» MATERIAL TO PROCESS
BEGIN

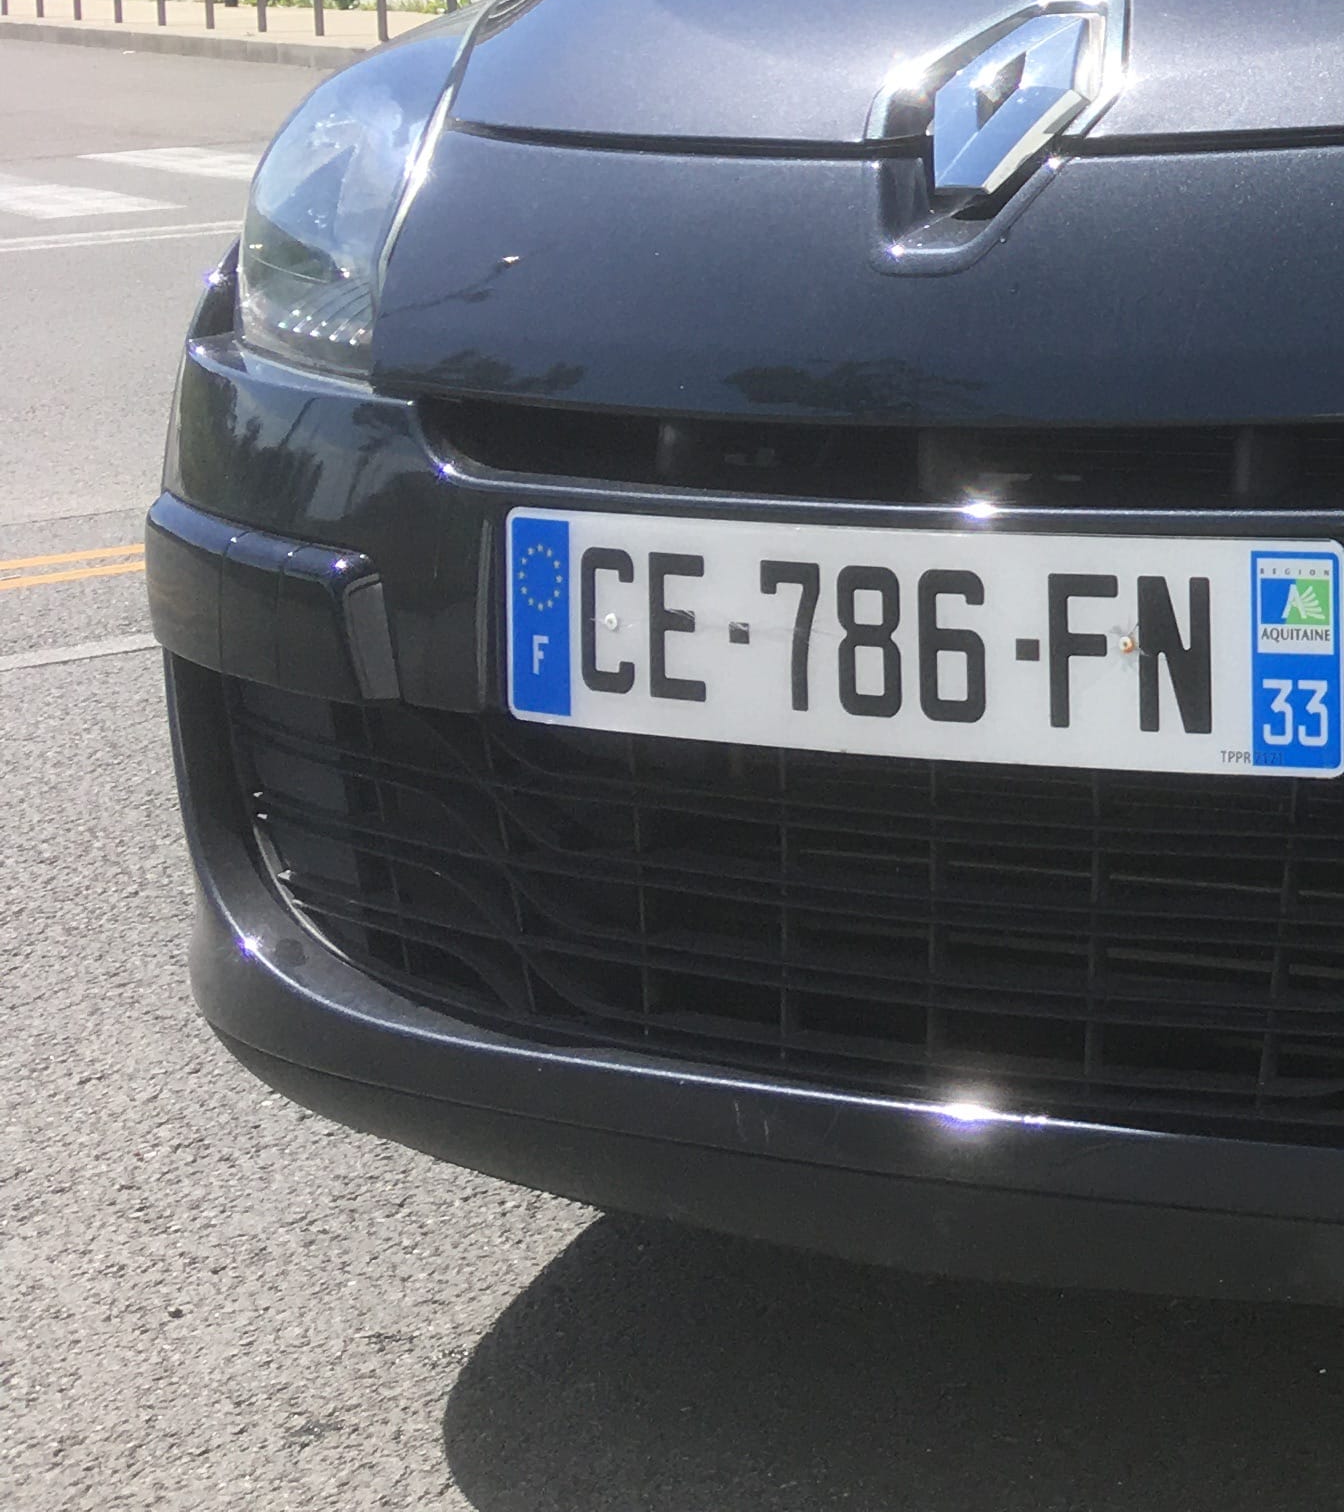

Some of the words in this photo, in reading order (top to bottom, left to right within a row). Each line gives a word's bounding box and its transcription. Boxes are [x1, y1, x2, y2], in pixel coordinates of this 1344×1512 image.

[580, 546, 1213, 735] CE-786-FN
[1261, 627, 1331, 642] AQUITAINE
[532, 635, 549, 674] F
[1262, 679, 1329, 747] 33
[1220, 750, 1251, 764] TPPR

END

» AIM OF THE EXERCISE
Set down every record word for word and leave out the pictures.

» TASK OUTPUT
Some of the words in this photo, in reading order (top to bottom, left to right within a row). Each line gives a word's bounding box and its transcription. Boxes are [x1, y1, x2, y2], in pixel coordinates of this 1344×1512 image.

[580, 546, 1213, 735] CE-786-FN
[1261, 627, 1331, 642] AQUITAINE
[532, 635, 549, 674] F
[1262, 679, 1329, 747] 33
[1220, 750, 1251, 764] TPPR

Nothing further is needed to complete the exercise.